In all honesty, Marian knew that both Robin and Will were right. She didn't want him anywhere near her either, but it seemed like at least this way she would know where he was. The not knowing and the waiting were both terrifying, and even knowing that the Sheriff was being held behind some sort of magic angel walls didn't quite stop that fear.
But now Will was standing in front of Marian with his firm hand on her shoulder, and Art was right behind with his own arms around her, and she felt tiny between those two tall men: tiny but protected.
The protection was an illusion though, just like it had been last time around. She looked up at Will and her face crumpled, the memory of them all together in those cells washing over her, the memory of the way the Sheriff had lashed him.
The memory of, later, going to bed with the very man who had lashed her him, who had starved them, who had brutalised them. The memory of sitting on the Sheriff's living room floor in Arizona and genuinely laughing as they played a board game, while her friends froze and stared to death on the other side of the country.
In some ways she and Will had this shared horror between them, but in other ways there was a chasm of difference between what had happened to them both, and she doubted she would ever be able to fully cross and understand it.

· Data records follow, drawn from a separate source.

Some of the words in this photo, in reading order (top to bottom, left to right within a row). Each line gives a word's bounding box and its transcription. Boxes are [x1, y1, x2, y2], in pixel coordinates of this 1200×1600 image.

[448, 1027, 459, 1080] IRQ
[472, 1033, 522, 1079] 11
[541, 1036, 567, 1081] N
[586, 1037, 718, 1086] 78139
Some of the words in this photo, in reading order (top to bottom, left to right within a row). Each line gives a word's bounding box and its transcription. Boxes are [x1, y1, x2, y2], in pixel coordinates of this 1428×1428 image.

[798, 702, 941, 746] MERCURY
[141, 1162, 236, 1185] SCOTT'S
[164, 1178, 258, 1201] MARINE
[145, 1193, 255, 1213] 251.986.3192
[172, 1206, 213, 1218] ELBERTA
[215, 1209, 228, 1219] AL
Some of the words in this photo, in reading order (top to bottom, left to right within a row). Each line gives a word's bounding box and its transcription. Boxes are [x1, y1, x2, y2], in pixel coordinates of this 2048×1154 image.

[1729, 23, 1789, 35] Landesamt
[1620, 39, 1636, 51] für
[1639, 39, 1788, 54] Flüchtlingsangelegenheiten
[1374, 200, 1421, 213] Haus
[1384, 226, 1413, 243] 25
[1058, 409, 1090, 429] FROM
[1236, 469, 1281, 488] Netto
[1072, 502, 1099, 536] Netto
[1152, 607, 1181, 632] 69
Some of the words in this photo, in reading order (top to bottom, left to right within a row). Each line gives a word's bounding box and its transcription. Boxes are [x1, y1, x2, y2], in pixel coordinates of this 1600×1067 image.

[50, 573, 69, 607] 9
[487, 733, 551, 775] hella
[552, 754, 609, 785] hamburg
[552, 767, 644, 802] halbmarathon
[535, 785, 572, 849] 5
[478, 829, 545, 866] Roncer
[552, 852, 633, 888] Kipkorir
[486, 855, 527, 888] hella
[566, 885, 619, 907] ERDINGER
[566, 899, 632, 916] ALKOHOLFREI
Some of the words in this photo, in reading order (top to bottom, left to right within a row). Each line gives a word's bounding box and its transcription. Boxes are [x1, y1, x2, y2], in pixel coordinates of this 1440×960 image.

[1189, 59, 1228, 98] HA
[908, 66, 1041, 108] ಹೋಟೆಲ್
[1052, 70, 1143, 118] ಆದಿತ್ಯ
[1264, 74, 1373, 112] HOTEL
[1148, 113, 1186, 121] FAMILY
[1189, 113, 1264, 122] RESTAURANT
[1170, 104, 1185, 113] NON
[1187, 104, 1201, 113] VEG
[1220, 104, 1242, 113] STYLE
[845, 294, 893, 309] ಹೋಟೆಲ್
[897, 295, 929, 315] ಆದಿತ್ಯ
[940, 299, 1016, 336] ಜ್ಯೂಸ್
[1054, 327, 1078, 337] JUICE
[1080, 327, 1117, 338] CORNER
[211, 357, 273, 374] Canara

The Sheriff couldn't touch them, Marian had to believe that, but-
She sniffed, taking a deep breath and looking across at Robin, defiant although she knew it wasn't fair to direct it at Robin, as though he had done any of this. "The Sheriff doesn't need to be able to touch us, remember? He hired that demon. He had me tortured, non-stop, for eleven days." Robin was a little hard to see through the tears blurring her eyes. "Cattle prods and hot pokers and waterboarding and starvation and no peace except for when he let me sleep and the Sheriff didn't even need to be there for that." Maybe it was also unfair to use what had happened to her like a weapon (yes, it was unfair, there was no 'maybe') but how else to make it clear to all of them that it wasn't just the Sheriff's own hands she feared, but what he could put out there into the world?
Maybe Michael did have him locked up tight, and maybe there was no way he could get free, but the Sheriff had showed her he had other methods to break them down.